(Problem to work on):
Please retype the records below exactly, omitting any images.

(Data listing):
━━━━━━

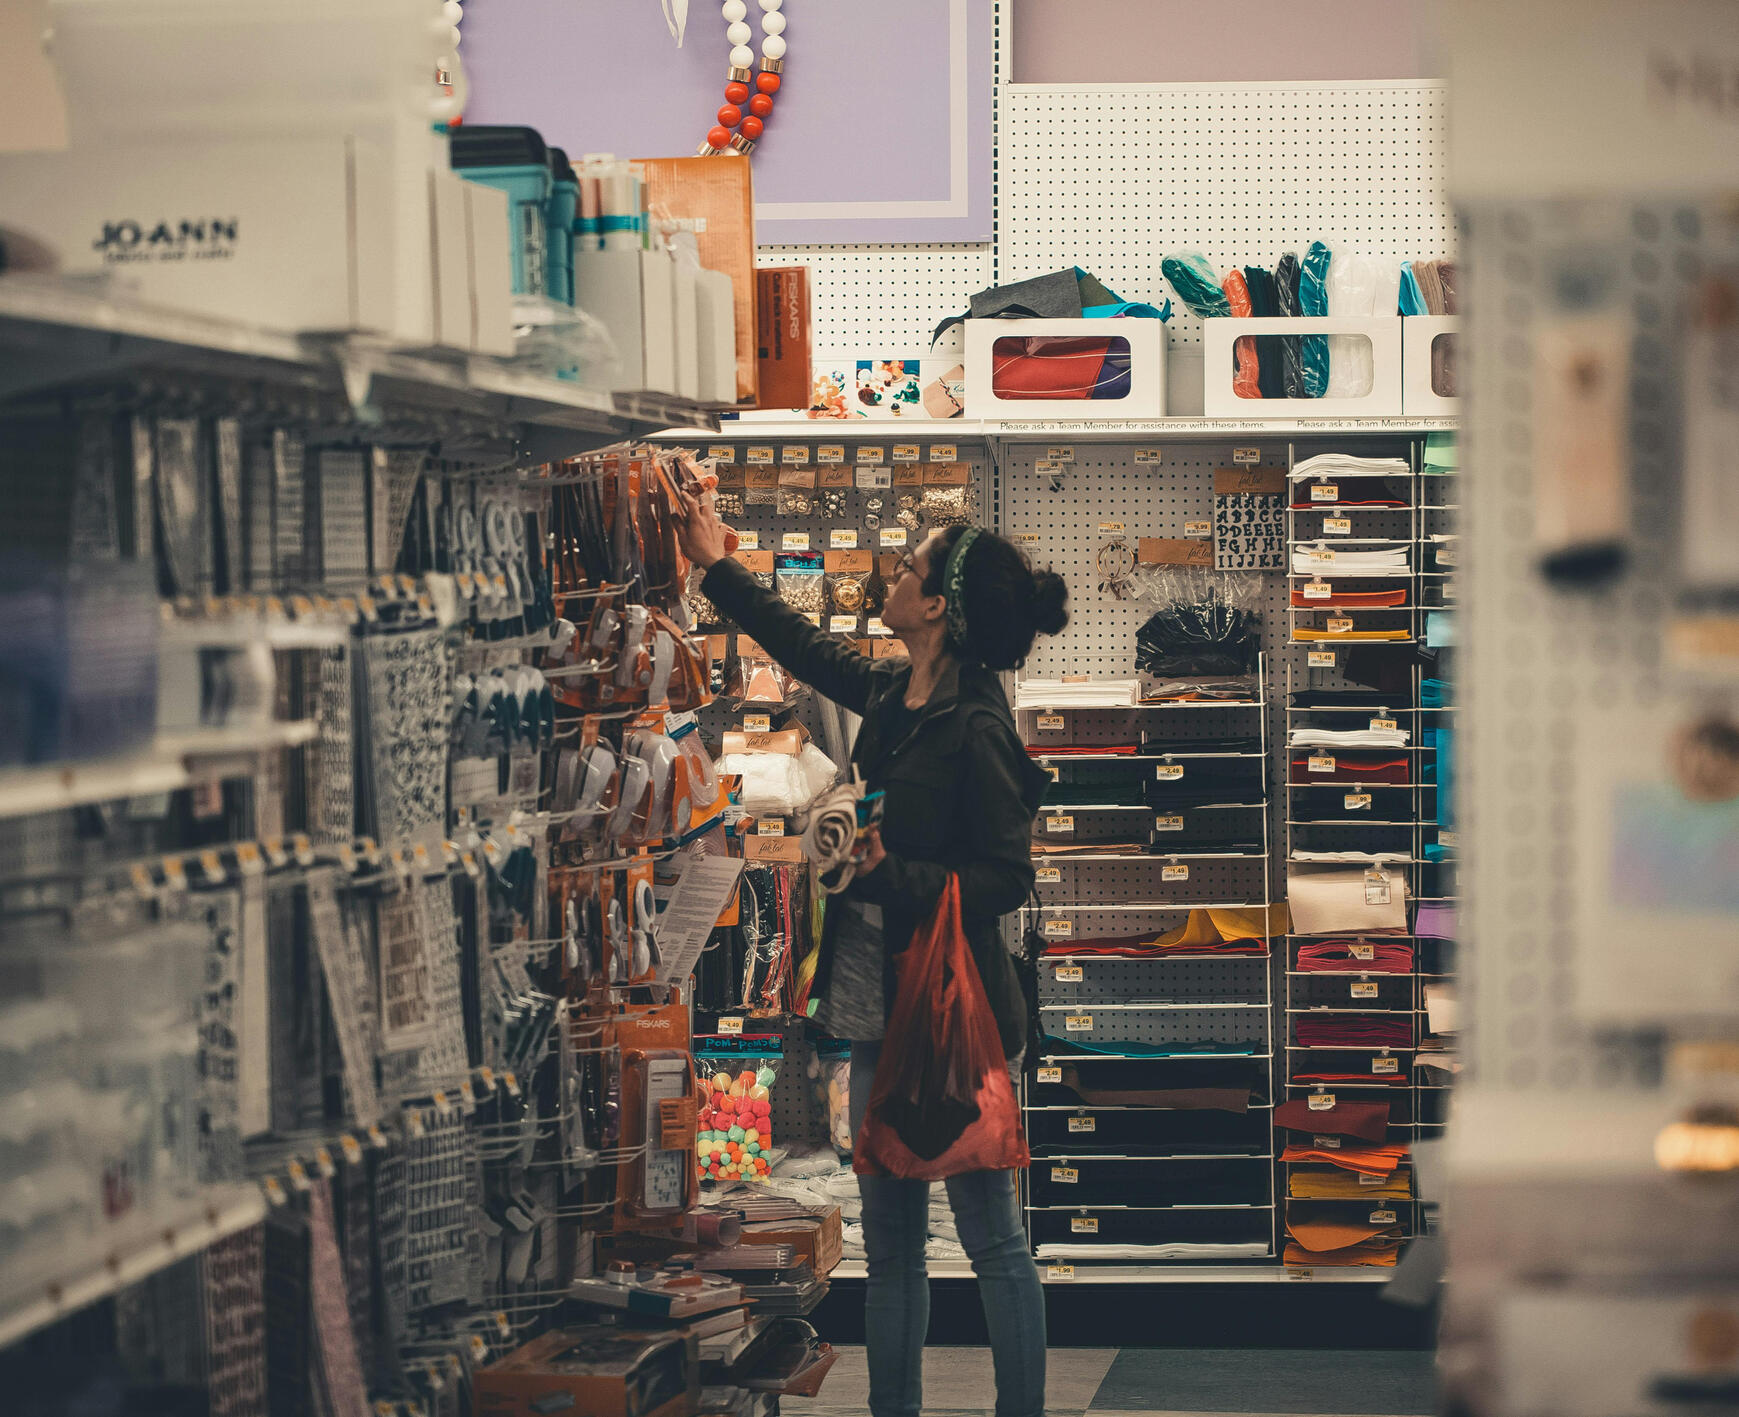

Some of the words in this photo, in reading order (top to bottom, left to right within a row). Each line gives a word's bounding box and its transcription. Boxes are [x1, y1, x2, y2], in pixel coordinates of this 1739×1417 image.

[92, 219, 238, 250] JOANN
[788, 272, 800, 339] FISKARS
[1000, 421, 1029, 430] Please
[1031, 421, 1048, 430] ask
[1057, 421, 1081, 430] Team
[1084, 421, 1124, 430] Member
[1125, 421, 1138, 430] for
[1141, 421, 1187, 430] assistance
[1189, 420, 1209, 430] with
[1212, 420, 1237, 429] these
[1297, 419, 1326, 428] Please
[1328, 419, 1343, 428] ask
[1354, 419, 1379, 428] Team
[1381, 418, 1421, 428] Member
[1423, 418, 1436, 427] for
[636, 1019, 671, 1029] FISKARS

━━━━━━

(Response):
Some of the words in this photo, in reading order (top to bottom, left to right within a row). Each line gives a word's bounding box and its transcription. Boxes are [x1, y1, x2, y2], in pixel coordinates of this 1739×1417 image.

[92, 219, 238, 250] JOANN
[788, 272, 800, 339] FISKARS
[1000, 421, 1029, 430] Please
[1031, 421, 1048, 430] ask
[1057, 421, 1081, 430] Team
[1084, 421, 1124, 430] Member
[1125, 421, 1138, 430] for
[1141, 421, 1187, 430] assistance
[1189, 420, 1209, 430] with
[1212, 420, 1237, 429] these
[1297, 419, 1326, 428] Please
[1328, 419, 1343, 428] ask
[1354, 419, 1379, 428] Team
[1381, 418, 1421, 428] Member
[1423, 418, 1436, 427] for
[636, 1019, 671, 1029] FISKARS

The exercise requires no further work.